Mortgage servicing firm Lender Processing Services settled with the U.S. Department of Justice over alleged fraudulent mortgage practices in order to avoid federal criminal prosecution, Mortgage Daily reported Feb. 18.
The settlement signed Feb. 15 will cost LPS $35 million, although that amount is far less than a similar settlement it reached with 46 state attorneys general and the District of Columbia in January for $127 million.
LPS’ former foreclosure processing unit, DocX LLC, was accused of engaging in a six-year scheme to prepare and file more than a million fraudulently signed and notarized mortgage-related documents, Mortgage Daily reported.

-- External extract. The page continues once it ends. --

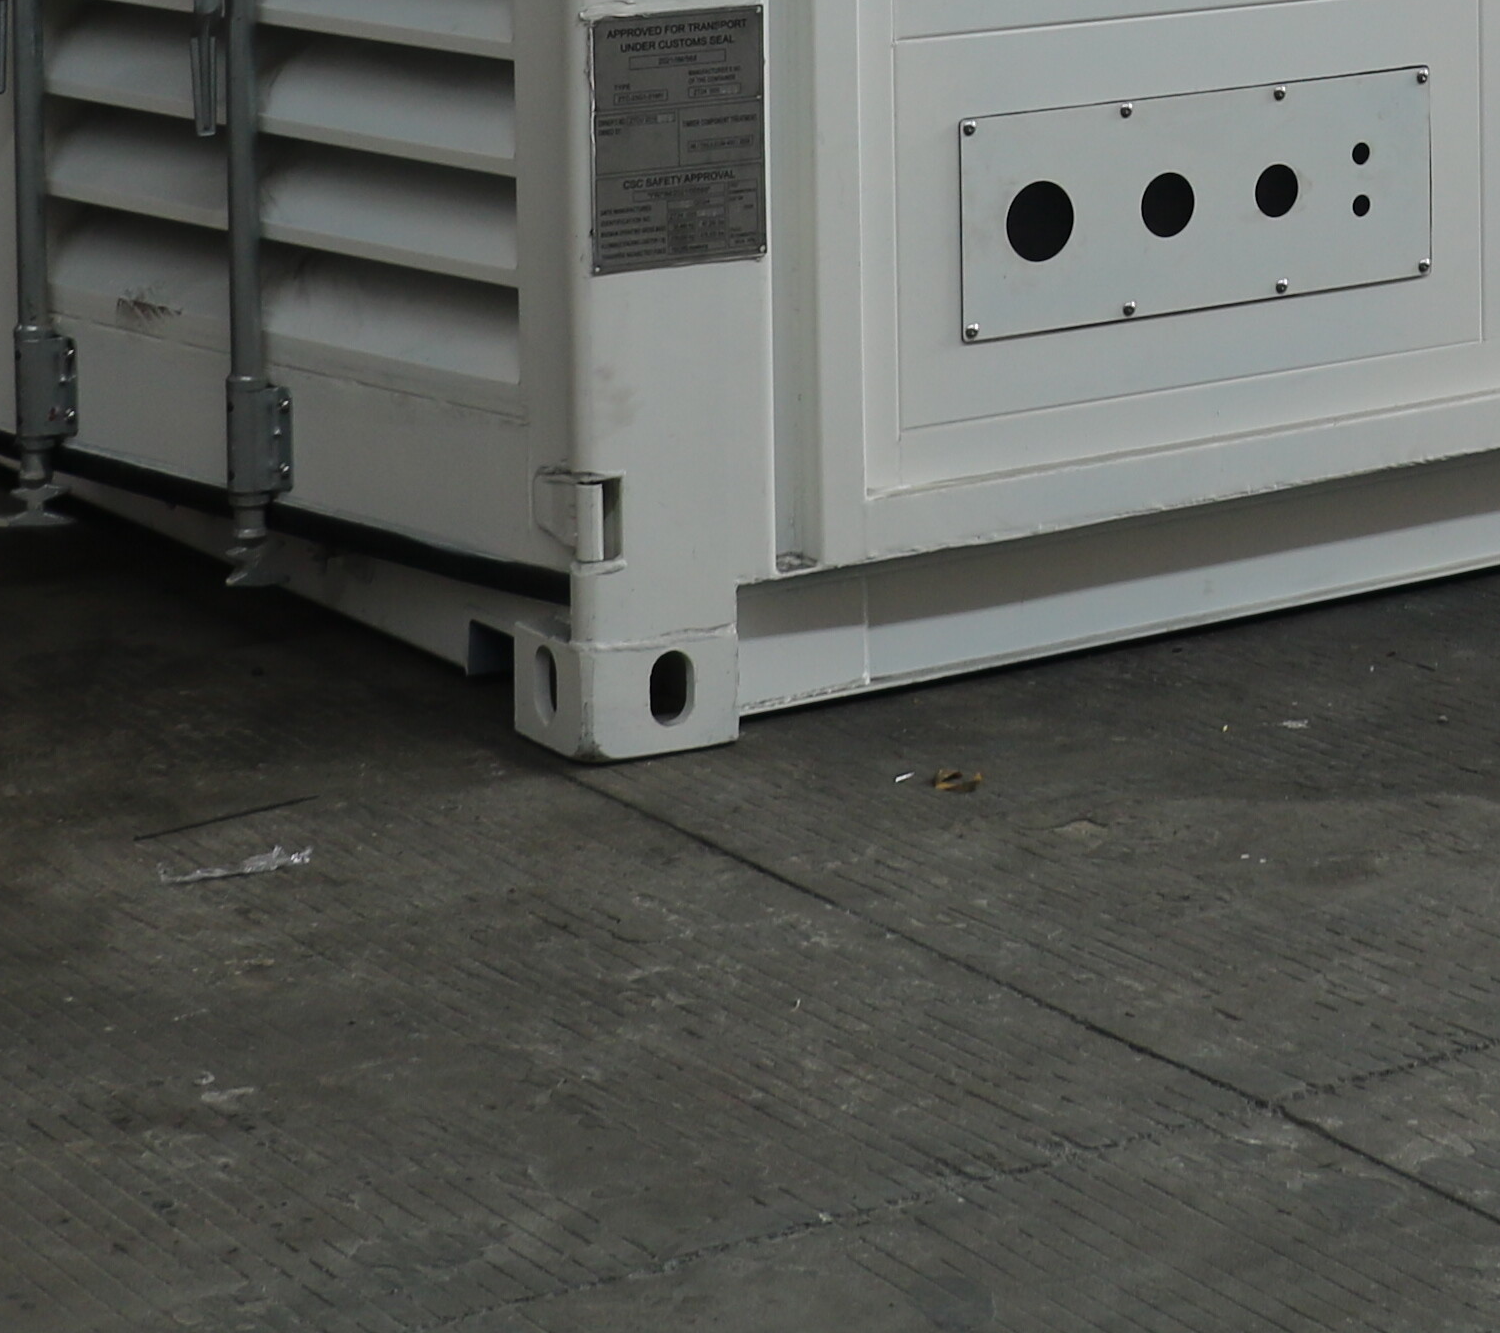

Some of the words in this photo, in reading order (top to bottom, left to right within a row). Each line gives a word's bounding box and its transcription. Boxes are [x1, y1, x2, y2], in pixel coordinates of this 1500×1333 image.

Lorraine Brown, chief executive officer of DocX, pleaded guilty to charges in U.S. District Court in Florida in November. She and her subordinates allegedly allowed unauthorized personnel to sign and notarize documents from 2003-09.
“LPS has taken a number of remedial actions to address the misconduct at DocX,” the Justice Department noted. Those actions included winding down all of the unit’s operations and re-executing and re-filing mortgage documents deemed faulty, Mortgage Daily reported.
In 2012, LPS reported that it accumulated $223.1 million in legal and regulatory expenses, which covers settlements with state attorneys general over foreclosure and robo-signing issues and additional legal matters.